More than 120 people have been killed and wounded in Afghanistan in recent days, the United Nations has said.

In a statement, the United Nations Assistance Mission in Afghanistan (UNAMA) urged the de-facto Taliban government to provide greater security for minorities so that they can hold their religious ceremonies without further attacks, dpa news agency reported.

The extremist militia organisation Islamic State claimed responsibility for back-to-back bombings in Kabul city that targeted Shia Muslims in the western part of Kabul city on Friday and Saturday.

On Sunday, there were unconfirmed reports of an attack for the third consecutive day in Kabul city.

Local broadcaster Kabul News reported that the latest explosion targeted a civilian bus in Chandawol, another Shia region in the west of Kabul.

The latest attacks came as Shia Muslims, a religious minority in the country, are preparing for Ashura, which commemorates the martyrdom of Imam Hussein, the grandson of the Prophet Muhammad.

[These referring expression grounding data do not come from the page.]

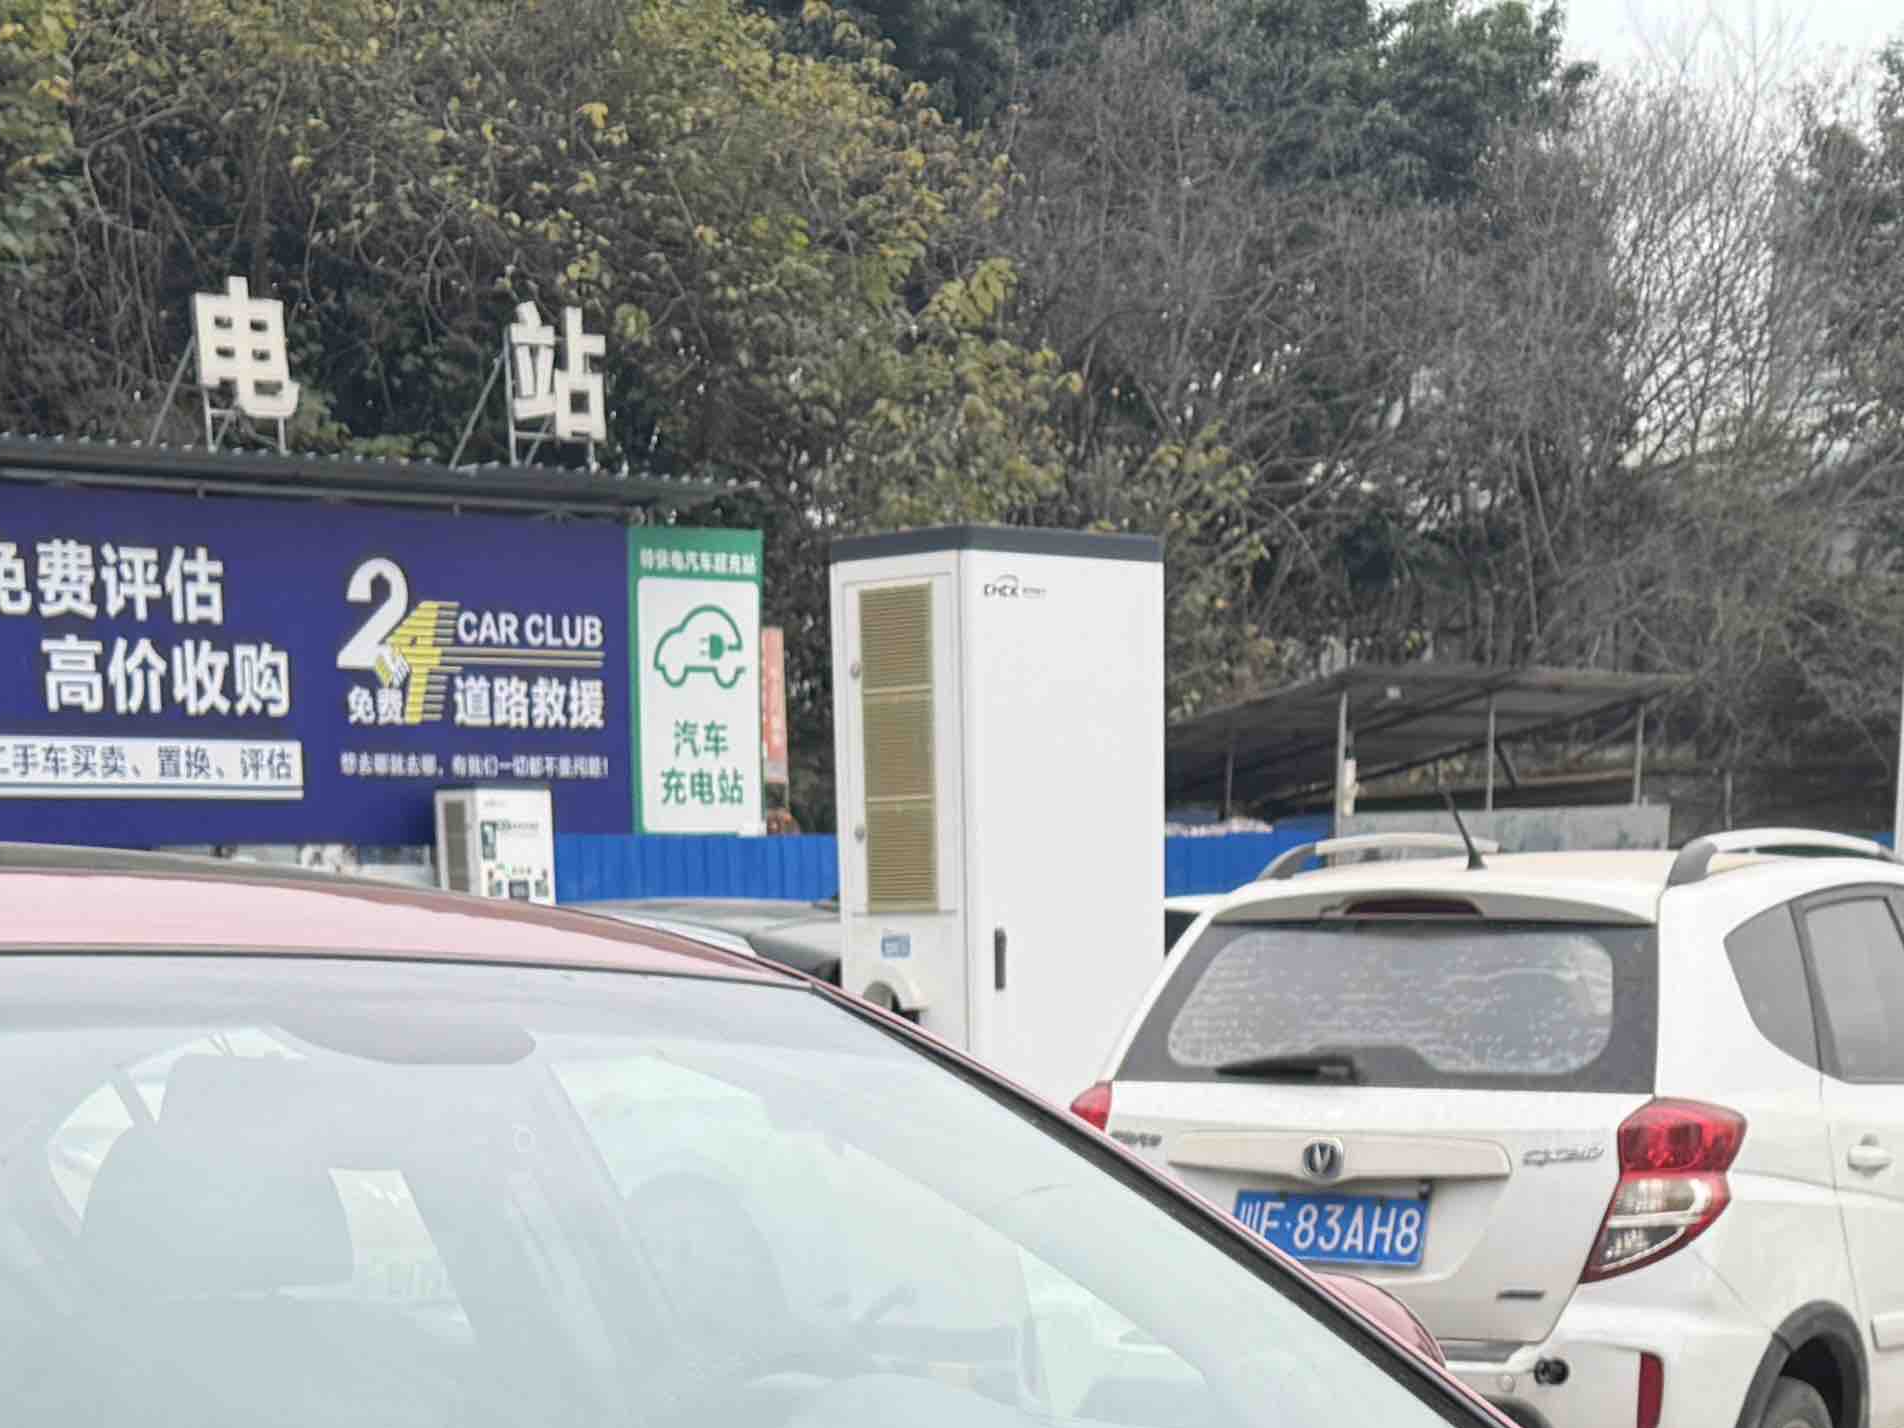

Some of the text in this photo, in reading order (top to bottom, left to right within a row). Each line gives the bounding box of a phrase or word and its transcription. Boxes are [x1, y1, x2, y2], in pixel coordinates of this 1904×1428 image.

[457, 610, 604, 647] CAR CLUB
[41, 634, 290, 717] 高价收购
[347, 674, 605, 729] 免费 道路救援
[673, 720, 728, 758] 汽车
[660, 767, 744, 806] 充电站

Following the Taliban takeover of Afghanistan in August 2021, Islamic State has carried out a number of deadly attacks, mainly targeting religious minority groups.

Residents voice concerns

Voicing their concerns about the rise in explosive attacks in the city’s western areas, residents of Kabul’s Police District 6 are calling out for security for the Ashura Ritual.

As per residents of the area, most of the victims in an explosion that took off on Saturday’s explosion were vendors selling their wares. Many citizens have asked for security from the Islamic Emirate for the Ashura ritual, reported Tolo News.

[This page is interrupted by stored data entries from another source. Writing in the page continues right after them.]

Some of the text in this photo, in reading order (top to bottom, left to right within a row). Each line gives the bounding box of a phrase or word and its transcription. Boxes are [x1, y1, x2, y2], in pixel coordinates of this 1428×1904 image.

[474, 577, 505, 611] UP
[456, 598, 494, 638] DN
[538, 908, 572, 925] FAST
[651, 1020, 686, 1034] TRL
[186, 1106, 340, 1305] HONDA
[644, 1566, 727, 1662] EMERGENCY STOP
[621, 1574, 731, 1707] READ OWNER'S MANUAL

 Mohammad Ali, a resident of the Barchi area of Kabul said, “Explosions happen every day, and the level of insecurity has increased. We ask the Islamic Emirate to provide safety to the mourners of Ashura.”

“There was a mine planted inside the barrel that exploded, killing seven people and injuring nine to ten people,” said Sakhi, another resident of Kabul’s PD6.

The residents of the Pol-e-Sukhta area of Kabul said that some of the victims of the incident could not be identified.

Mohammad Jafar, a resident of the Pol-e-Sukhta area of Kabul said, “All of them were men and youth, and they were at the mourning ceremony, and it was very crowded.”

“There were pieces of flesh, limbs, legs, and organs. There was just one pocket remaining, and the municipality did not take responsibility for burying them. We gathered four or five individuals, took them, and buried them there,” said Fawad, another resident of Pol-e-Sukhta area of Kabul.

Giving out the details of the grave situation on the ground, a journalist of the media outlet said that those who visited the explosion scene in Kabul’s Pol-e-Sukhta area said that the explosives were put in a pot on the side of the road.

“So far, we have arrested two Daesh affiliates in connection with the blast and we are trying to arrest the rest of them,” said Mawlawi Waqad, Islamic Emirate of Afghanistan’s Intelligence department of Kabul’s PD6.

In the past week, three explosions occurred in Kabul. Based on the figures of the security officials, fourteen people died and more than 40 others were injured in the blasts.

Notably, the tenth day of Muharram is the Day of Ashura, which to Shia Muslims is part of the mourning of Muharram. Sunni Muslims fast during this day.

In the past week, three explosions occurred in Kabul. Based on the figures of the security officials, fourteen people died and more than 40 others were injured in the blasts.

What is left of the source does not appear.